* **TRY IT**
Output every record exactly, apart from its images.

***** DATASET EXTRACT

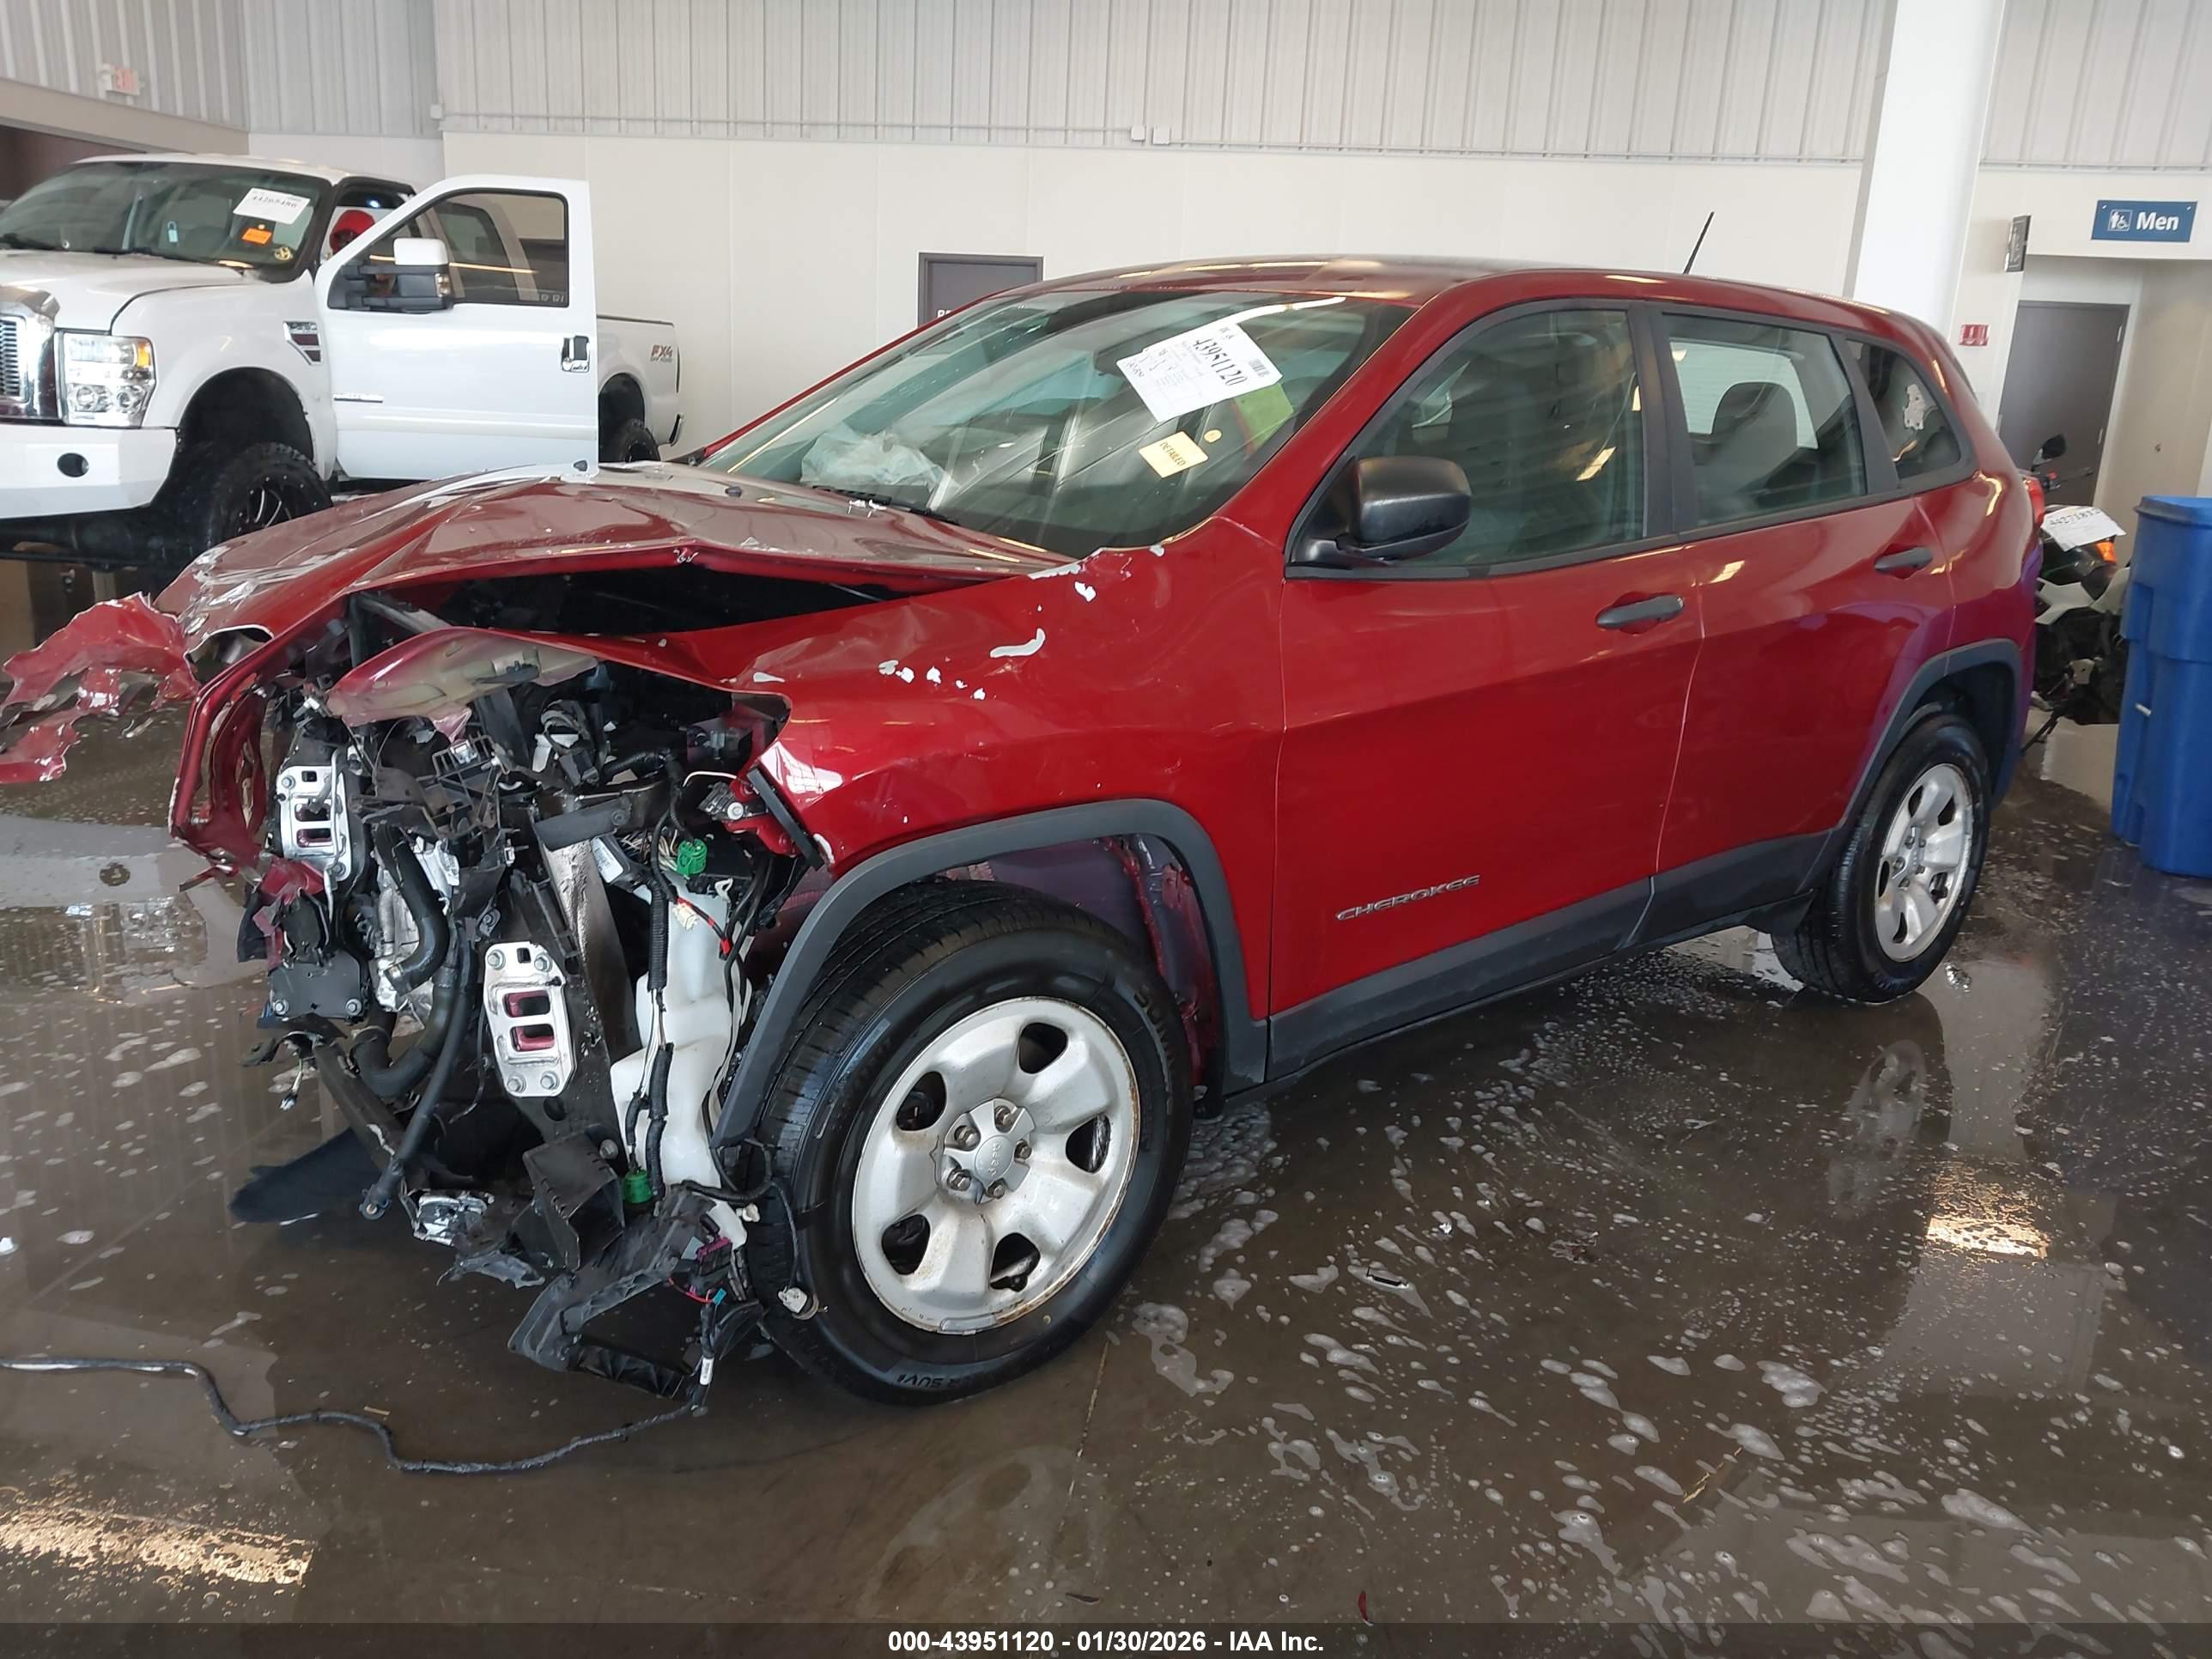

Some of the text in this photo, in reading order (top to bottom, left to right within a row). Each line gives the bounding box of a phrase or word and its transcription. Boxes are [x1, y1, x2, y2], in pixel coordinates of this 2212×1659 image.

[2136, 211, 2179, 230] Men
[652, 344, 672, 357] FX4
[1193, 337, 1248, 386] 43951120
[1336, 875, 1480, 921] CHEROKEE

**********

* **EXERCISE RESULT**
Some of the text in this photo, in reading order (top to bottom, left to right within a row). Each line gives the bounding box of a phrase or word and its transcription. Boxes are [x1, y1, x2, y2], in pixel coordinates of this 2212×1659 image.

[2136, 211, 2179, 230] Men
[652, 344, 672, 357] FX4
[1193, 337, 1248, 386] 43951120
[1336, 875, 1480, 921] CHEROKEE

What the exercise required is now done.